TASK STATEMENT: In your copy, include every line of the records exactly and no picture at all.

(EXERCISE INPUT begins)

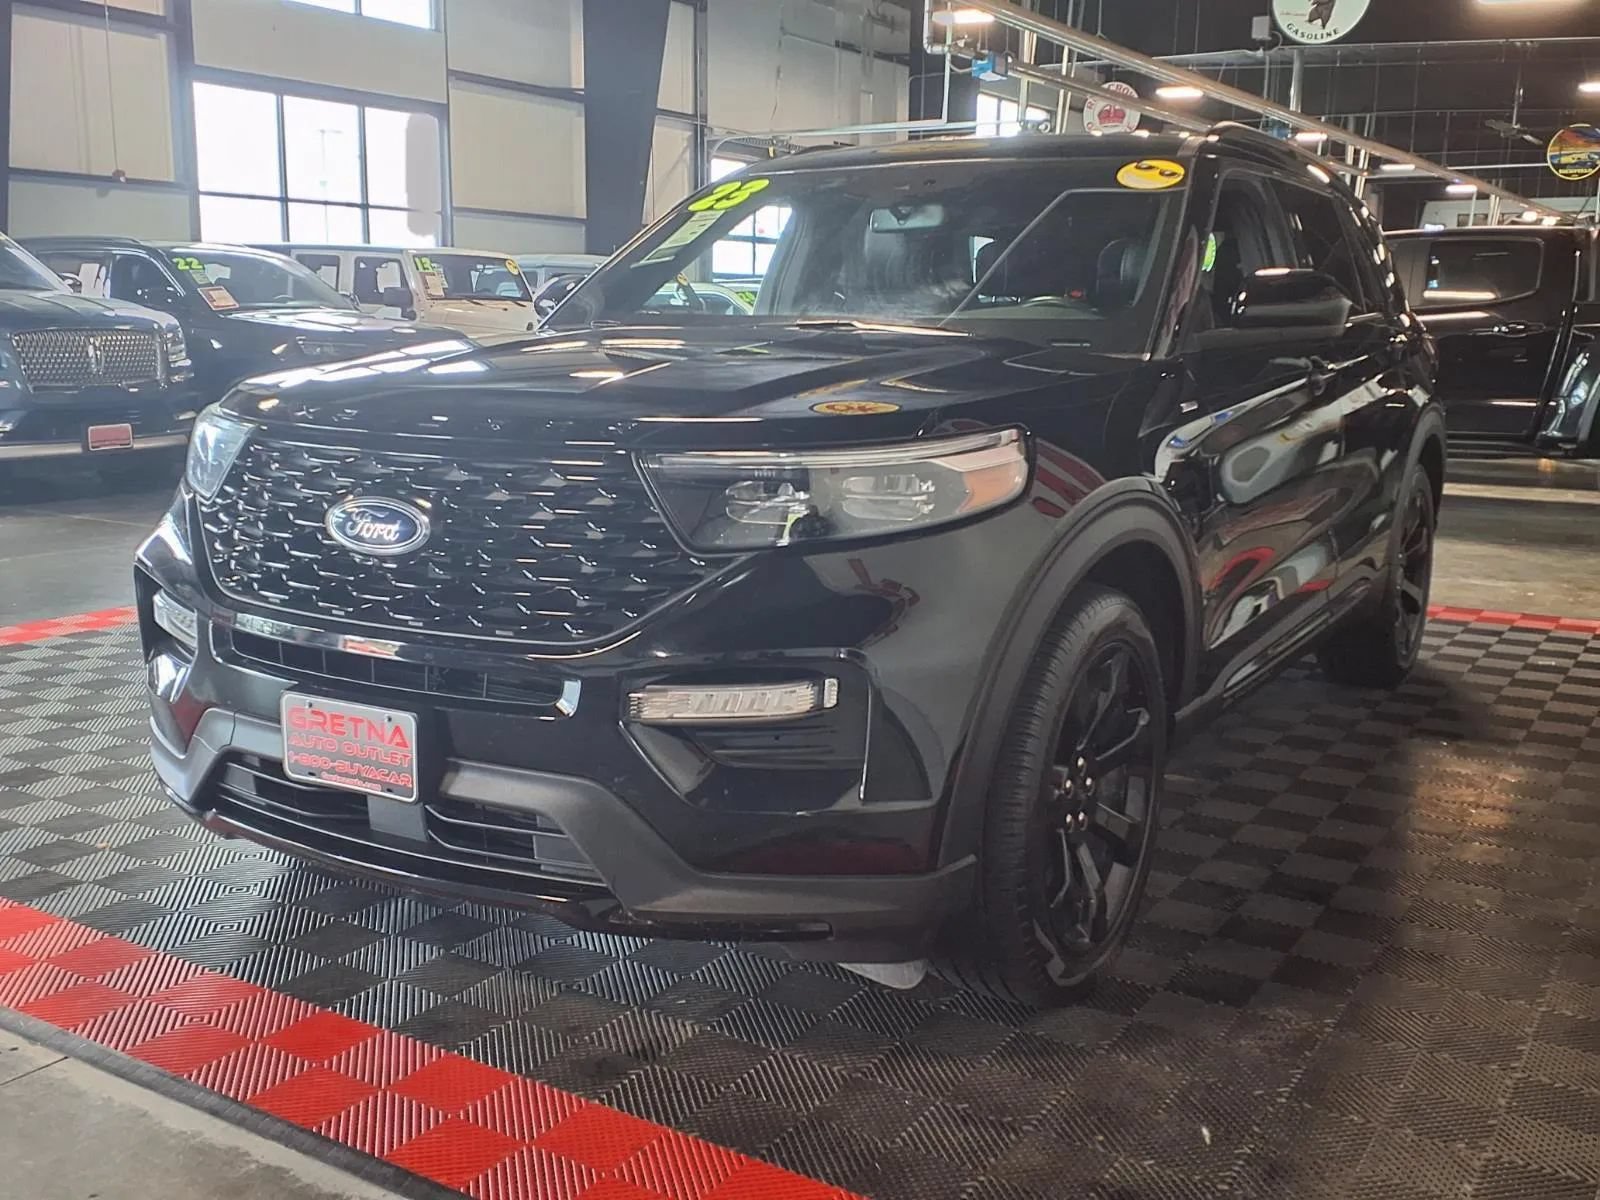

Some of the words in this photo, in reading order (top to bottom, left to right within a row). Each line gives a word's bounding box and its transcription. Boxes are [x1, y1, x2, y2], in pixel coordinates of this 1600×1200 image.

[1286, 22, 1341, 40] GASOLINE
[687, 178, 770, 212] 23
[172, 256, 204, 271] 22
[345, 507, 401, 541] Ford
[287, 705, 410, 749] GRETNA
[288, 733, 338, 753] AUTO
[342, 741, 412, 767] OUTLET
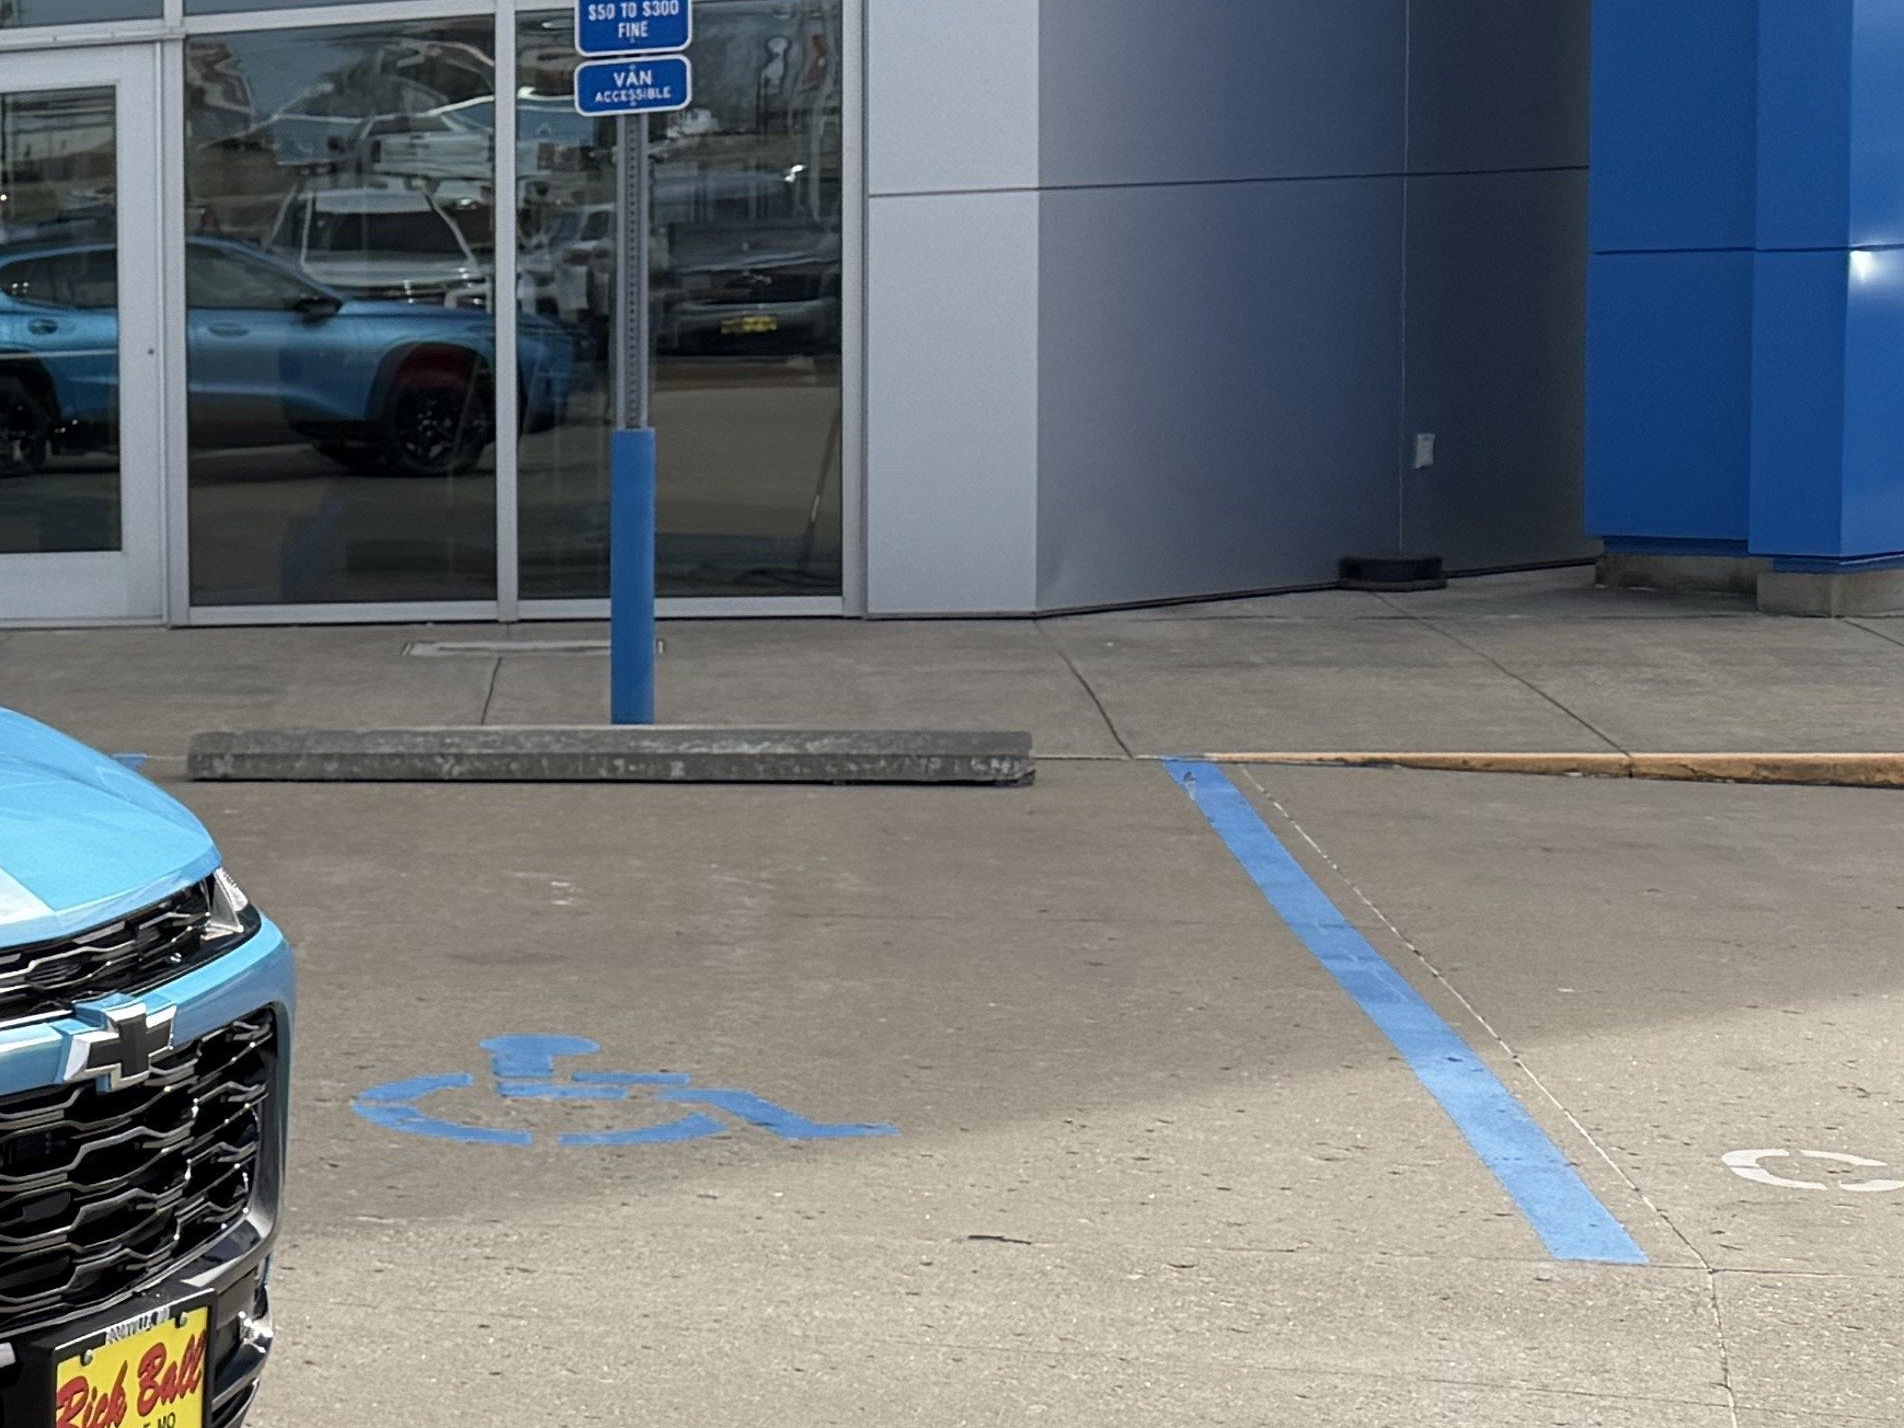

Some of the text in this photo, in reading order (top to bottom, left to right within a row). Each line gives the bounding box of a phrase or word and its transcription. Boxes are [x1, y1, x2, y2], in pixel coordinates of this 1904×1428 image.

[588, 3, 615, 21] $50
[620, 1, 637, 19] TO
[618, 21, 649, 38] FINE
[613, 71, 652, 87] VAN
[595, 86, 670, 103] ACCESSIBLE
[137, 1329, 206, 1416] Ball
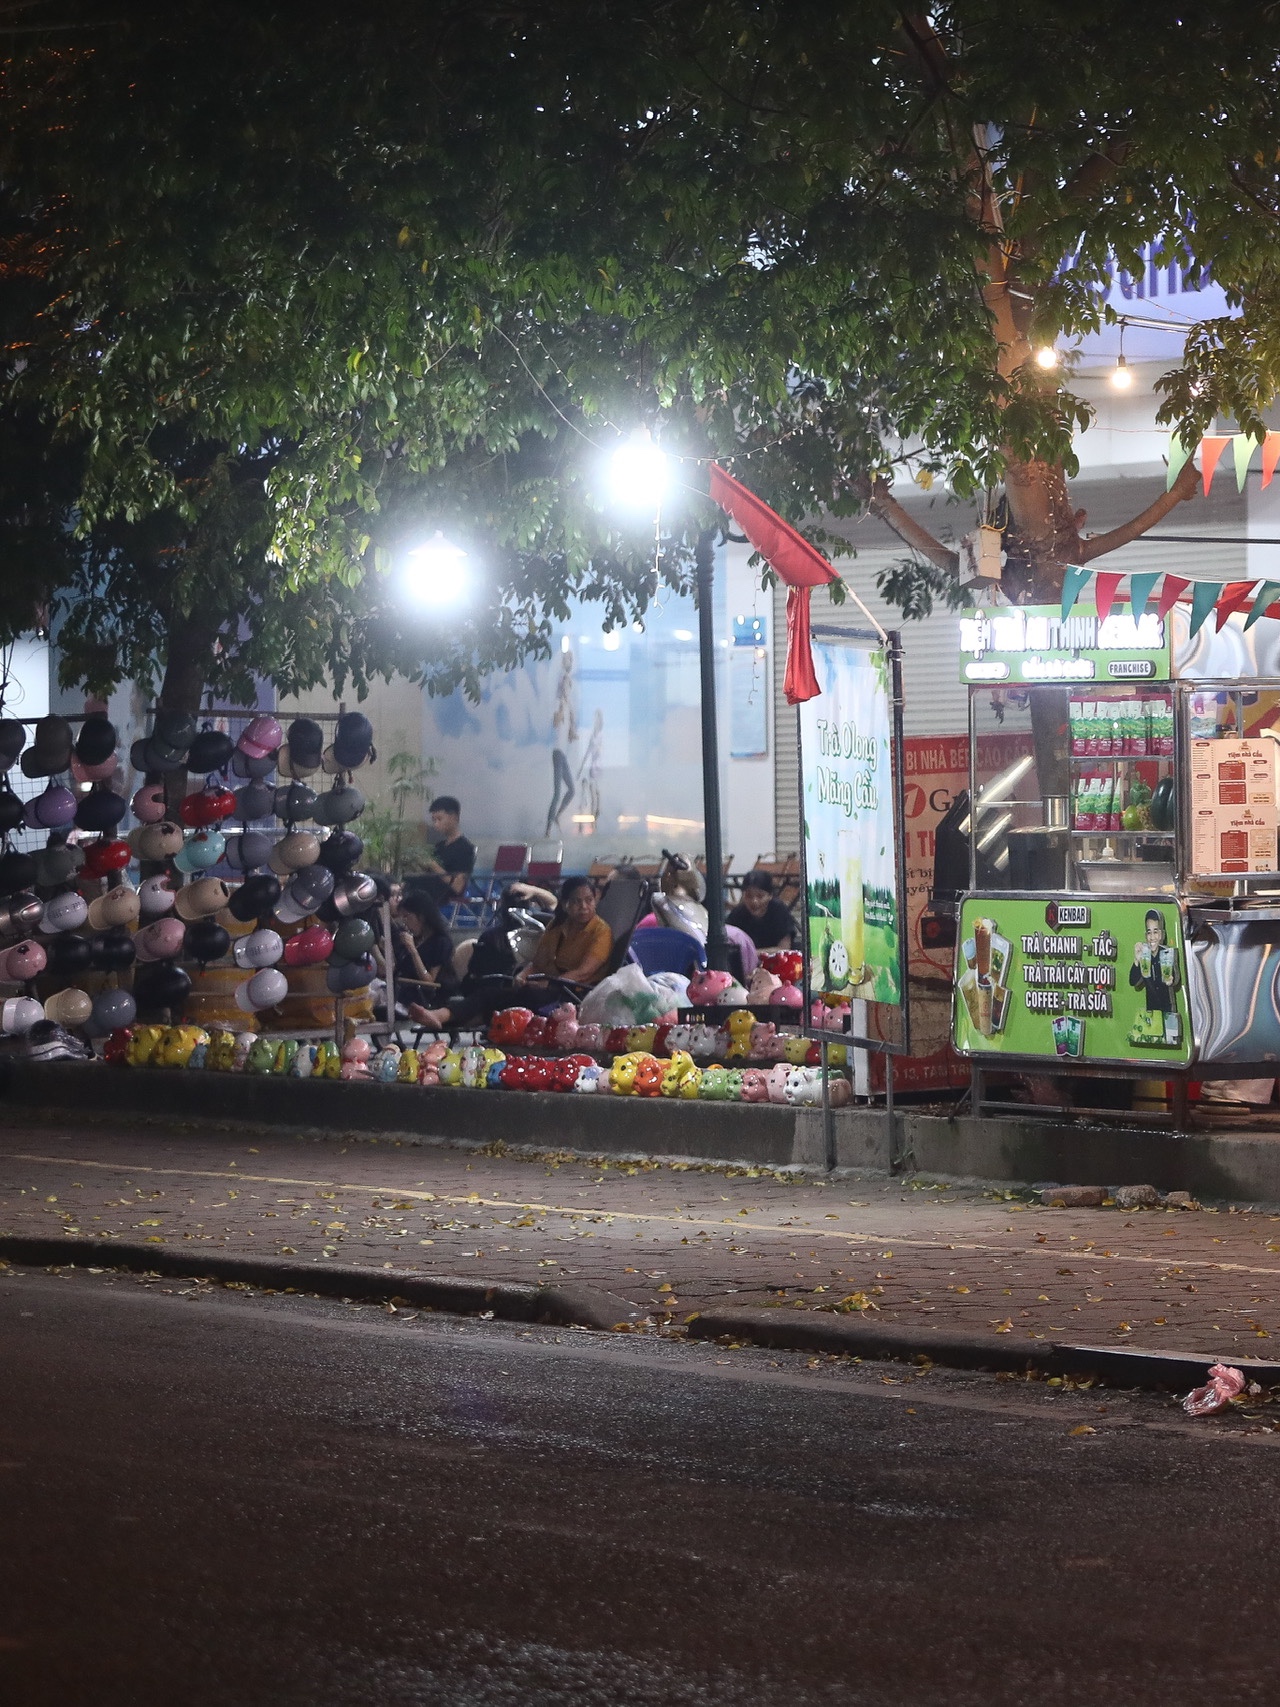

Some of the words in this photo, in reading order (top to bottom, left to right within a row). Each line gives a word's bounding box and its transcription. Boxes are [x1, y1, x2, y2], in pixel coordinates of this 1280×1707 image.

(EXERCISE INPUT ends)

EXERCISE RESULT:
Some of the words in this photo, in reading order (top to bottom, left to right within a row). Each line gives a word's bounding box and its transcription. Boxes are [x1, y1, x2, y2], in pixel coordinates of this 1600×1200 image.

[1286, 22, 1341, 40] GASOLINE
[687, 178, 770, 212] 23
[172, 256, 204, 271] 22
[345, 507, 401, 541] Ford
[287, 705, 410, 749] GRETNA
[288, 733, 338, 753] AUTO
[342, 741, 412, 767] OUTLET

Some of the text in this photo, in reading order (top to bottom, left to right within a row). Each line gives the bounding box of a phrase or word and its transcription. Boxes are [x1, y1, x2, y2], in pixel coordinates of this 1904×1428 image.

[588, 3, 615, 21] $50
[620, 1, 637, 19] TO
[618, 21, 649, 38] FINE
[613, 71, 652, 87] VAN
[595, 86, 670, 103] ACCESSIBLE
[137, 1329, 206, 1416] Ball

Some of the words in this photo, in reading order (top to bottom, left to right within a row). Each line gives a word's bounding box and its transcription. Boxes are [x1, y1, x2, y2], in pixel coordinates of this 1280×1707 image.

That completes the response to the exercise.